§ **PROBLEM REQUIREMENTS**
Should the listing contain images, exclude them; give the rest again exactly.

»»

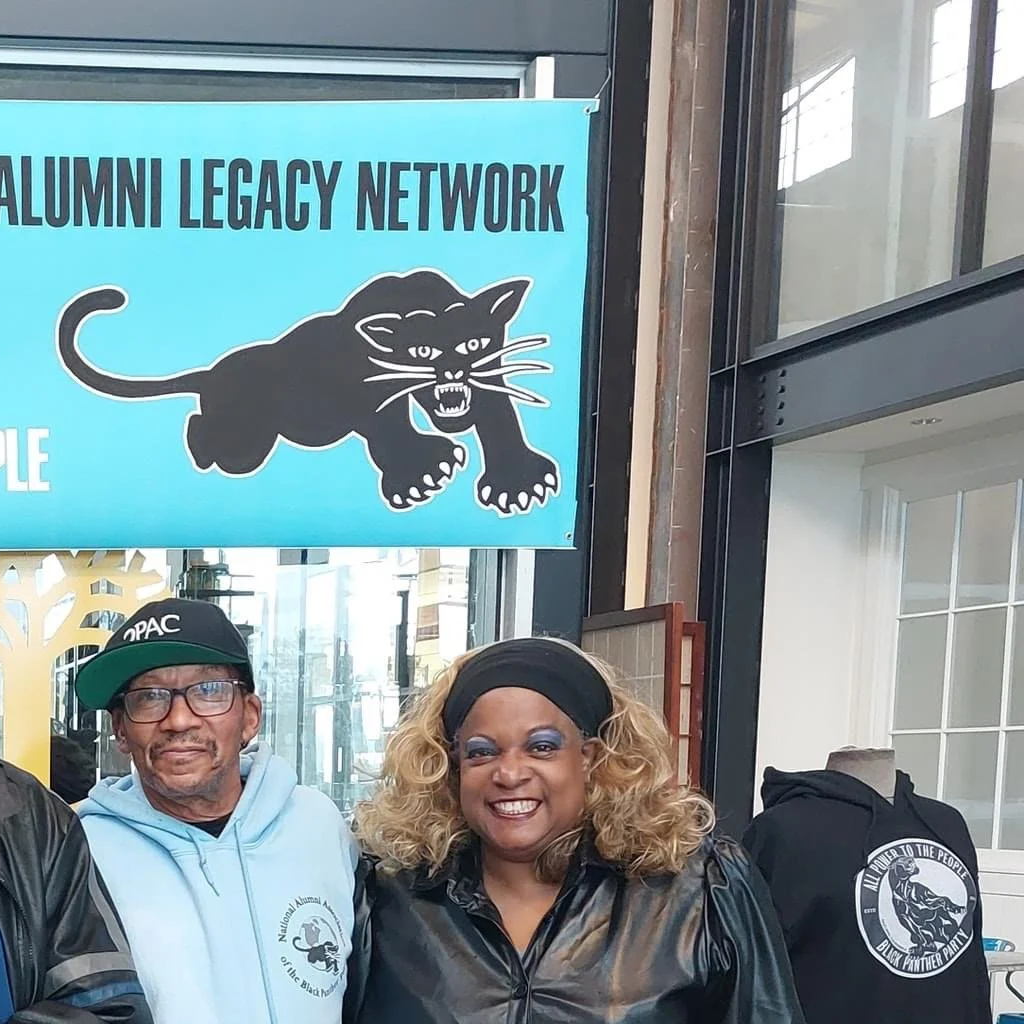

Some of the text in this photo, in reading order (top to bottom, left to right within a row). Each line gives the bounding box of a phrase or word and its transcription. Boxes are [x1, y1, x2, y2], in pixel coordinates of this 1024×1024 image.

[179, 158, 343, 231] LEGACY
[356, 161, 565, 233] NETWORK
[863, 843, 969, 892] ALL POWER TO THE PEOPLE
[278, 903, 296, 942] National
[295, 895, 322, 908] Alumni
[876, 929, 969, 973] BLACK PANTHER PARTY
[280, 956, 292, 967] of
[287, 967, 301, 983] the
[300, 980, 320, 998] Black

««

§ **WORKED SOLUTION**
Some of the text in this photo, in reading order (top to bottom, left to right within a row). Each line gives the bounding box of a phrase or word and its transcription. Boxes are [x1, y1, x2, y2], in pixel coordinates of this 1024×1024 image.

[179, 158, 343, 231] LEGACY
[356, 161, 565, 233] NETWORK
[863, 843, 969, 892] ALL POWER TO THE PEOPLE
[278, 903, 296, 942] National
[295, 895, 322, 908] Alumni
[876, 929, 969, 973] BLACK PANTHER PARTY
[280, 956, 292, 967] of
[287, 967, 301, 983] the
[300, 980, 320, 998] Black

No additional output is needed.